On Sunday the Minneapolis Star Tribune ran an article about our social media work at Mayo Clinic which began:
ROCHESTER – A few years ago, Lee Aase was just another flack for the Mayo Clinic, issuing press releases on cue and calling news conferences for doctors to present carefully scripted messages.
These days, Aase is a walking, talking, blogging, Twittering, Facebooking, YouTubing force who’s blasting Mayo into the social networking world faster than you can say “Mayo Brothers.”
I didn’t particularly like the lead because “flack” and “carefully scripted” carry some negative connotations, but given how positive the rest of the story was, I obviously have no basis for complaint.
We have a great team involved in social media at Mayo Clinic, and it’s been exciting to see the enthusiasm grow.
The story became available online Wednesday after being print-only for three days. The irony of having a social media story be print only escaped no one’s notice, but it’s part of the Star Tribune’s effort to increase Sunday print circulation. I guess I’m honored that they would think this story might help.

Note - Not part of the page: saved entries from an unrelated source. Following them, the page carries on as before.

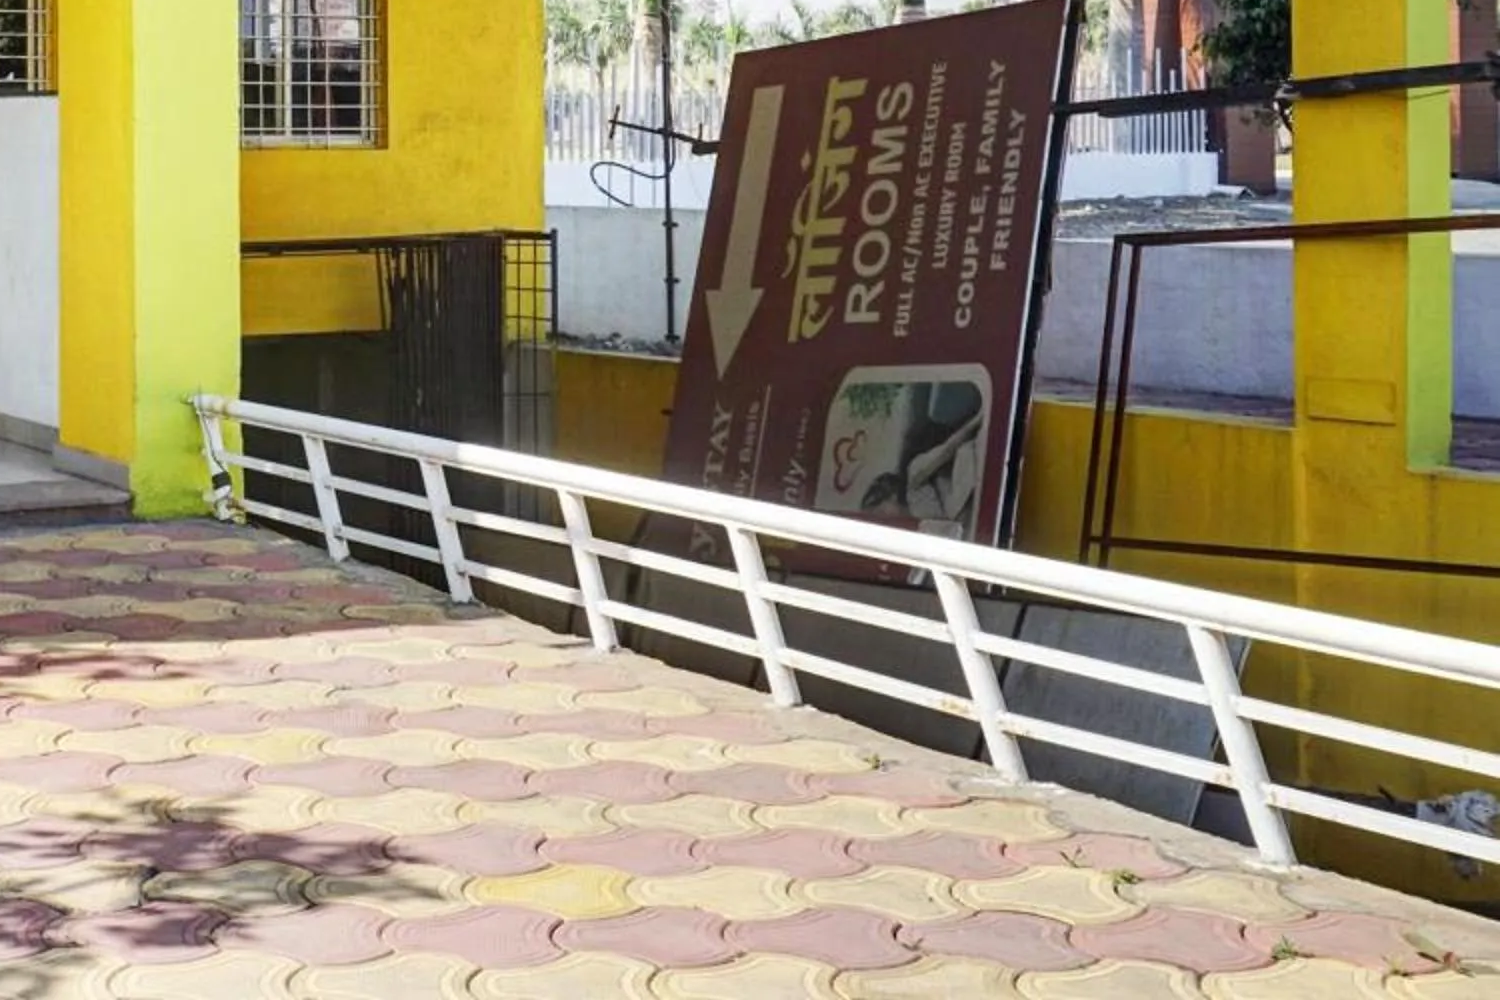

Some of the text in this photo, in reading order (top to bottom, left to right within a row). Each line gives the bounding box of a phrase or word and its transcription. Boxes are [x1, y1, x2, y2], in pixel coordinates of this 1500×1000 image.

[918, 60, 948, 168] EXECUTIVE
[843, 81, 914, 323] ROOMS
[914, 171, 932, 198] AC
[932, 121, 967, 269] LUXURY ROOM
[954, 59, 1006, 329] COUPLE, FAMILY
[989, 108, 1027, 271] FRIENDLY
[893, 291, 915, 337] FULL
[782, 458, 808, 503] nly
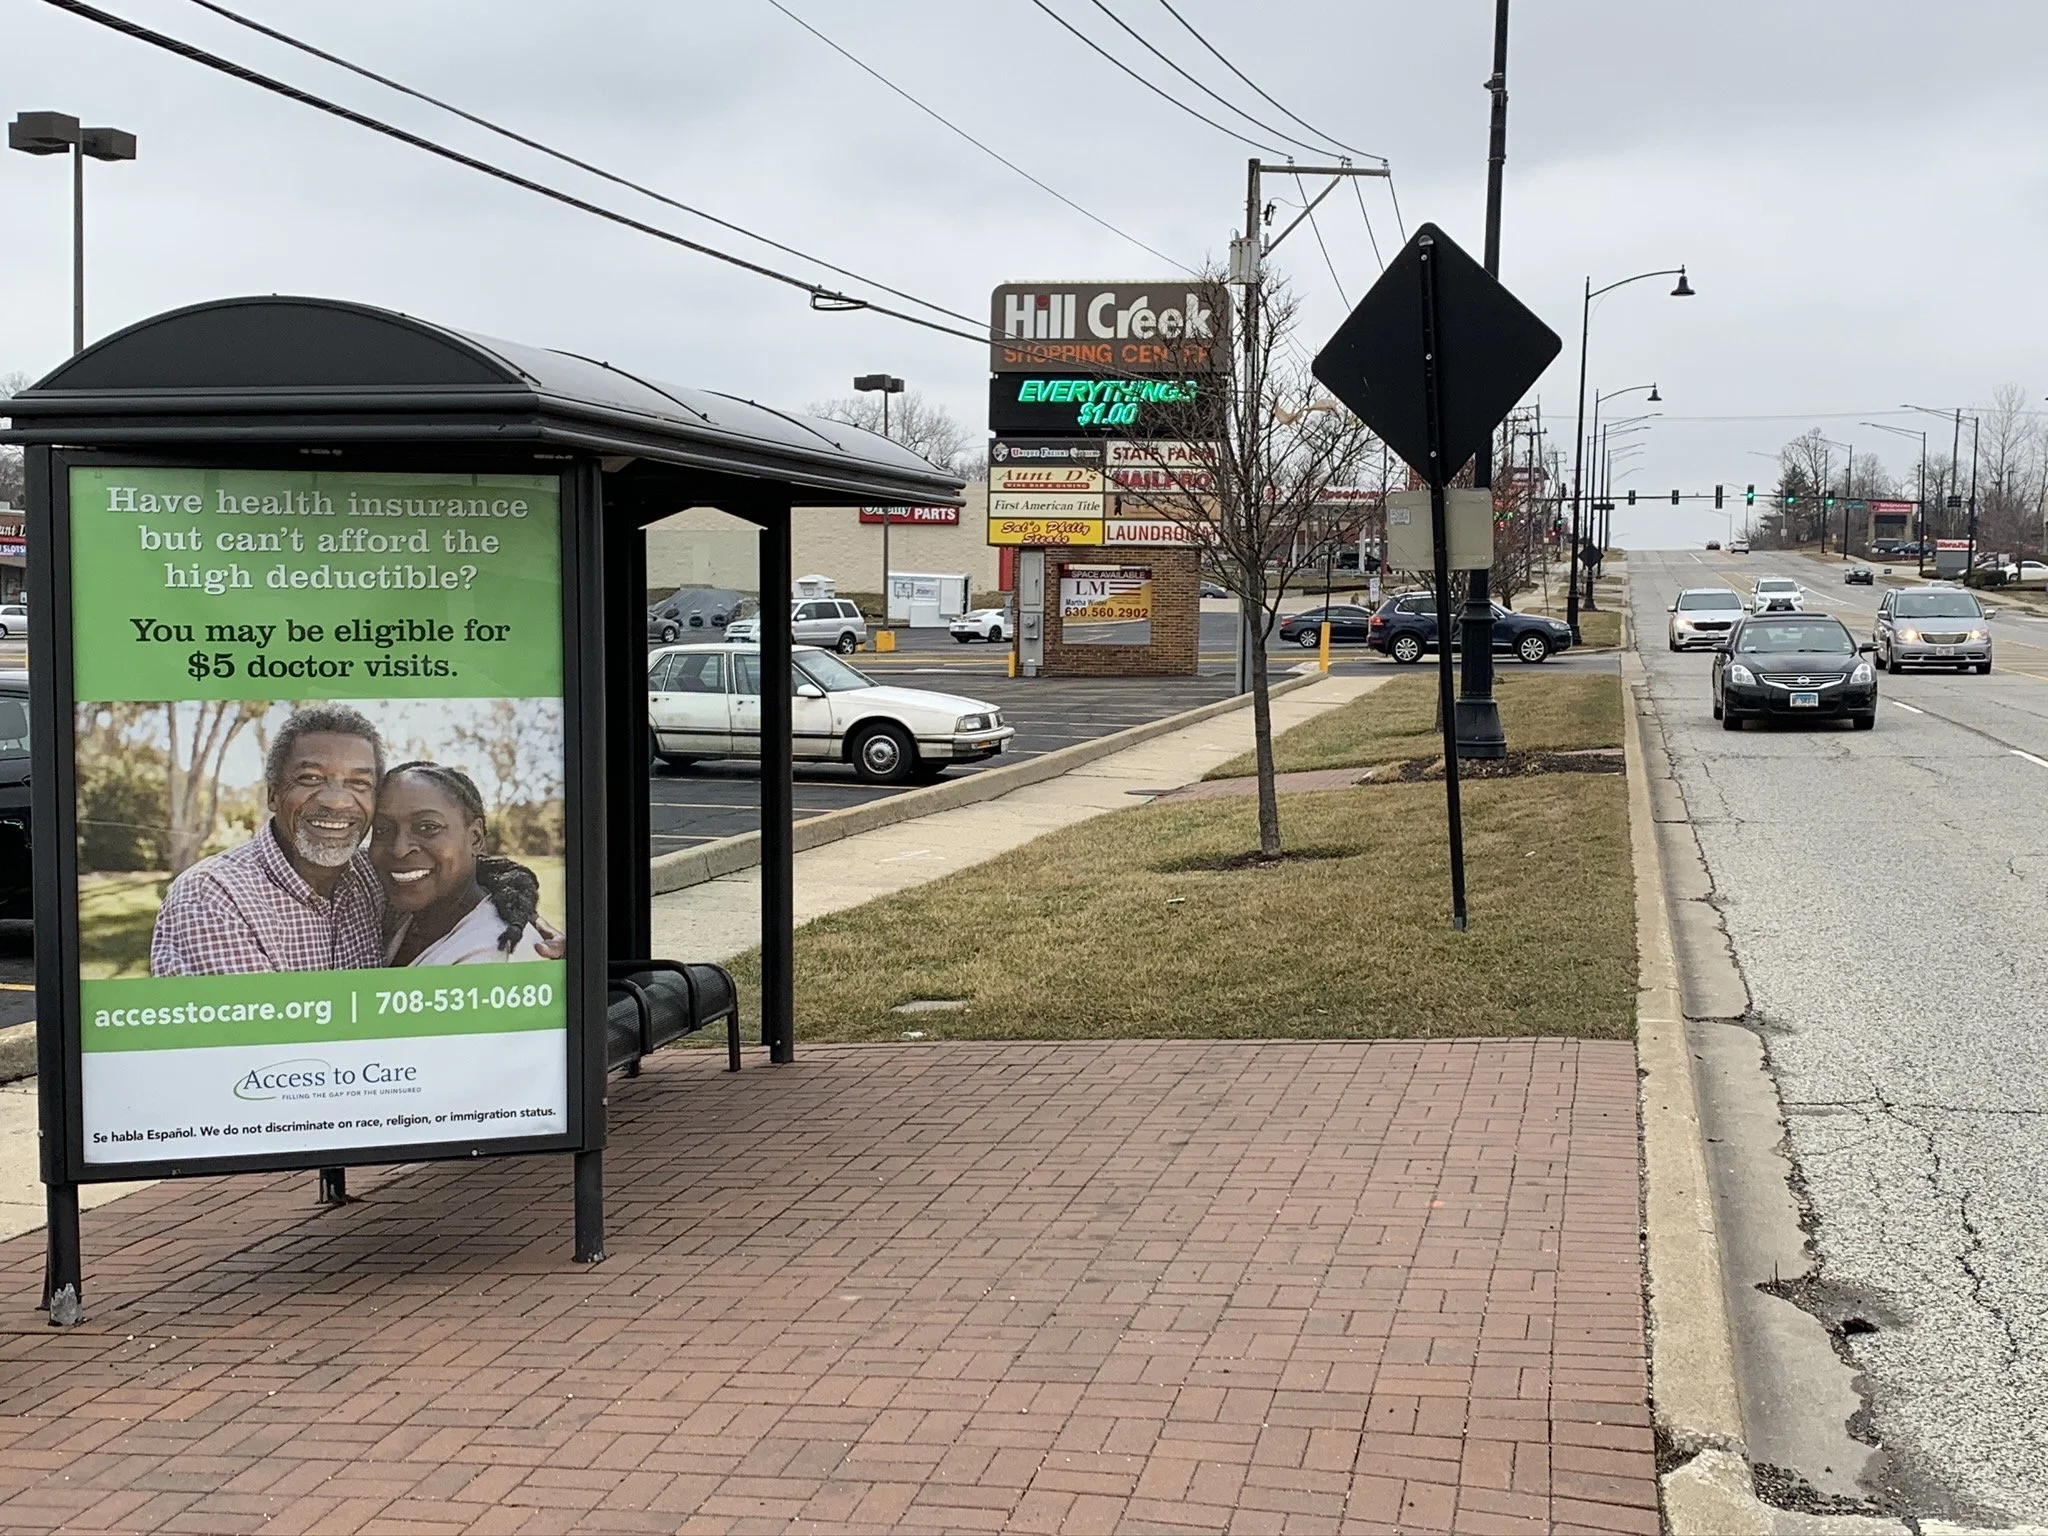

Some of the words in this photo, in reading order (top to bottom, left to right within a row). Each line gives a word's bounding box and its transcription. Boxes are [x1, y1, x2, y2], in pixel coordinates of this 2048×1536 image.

I don’t know how long this will be available at no charge on StarTribune.com, but if you haven’t yet seen it, check it out here.
3 thoughts on “A Nice Article about My Day Job”
Well, if I’m a hack, you’re a flack 🙂
That was a fun article to work on, especially given all the news of doom and gloom I’m working on these days…so thanks for the opportunity.
I can live with “flack,” and I guess “hack” is better than the term Jesse Ventura had for folks in your profession. I enjoyed working with you, too, and have had lots of people say your story did a good job of capturing and reflecting what we’re doing. I hope the Star Tribune will be able to come out of the current crisis with a workable business model, and that perhaps some of these social media tools or concepts will be helpful in that regard. Wishing you all the best.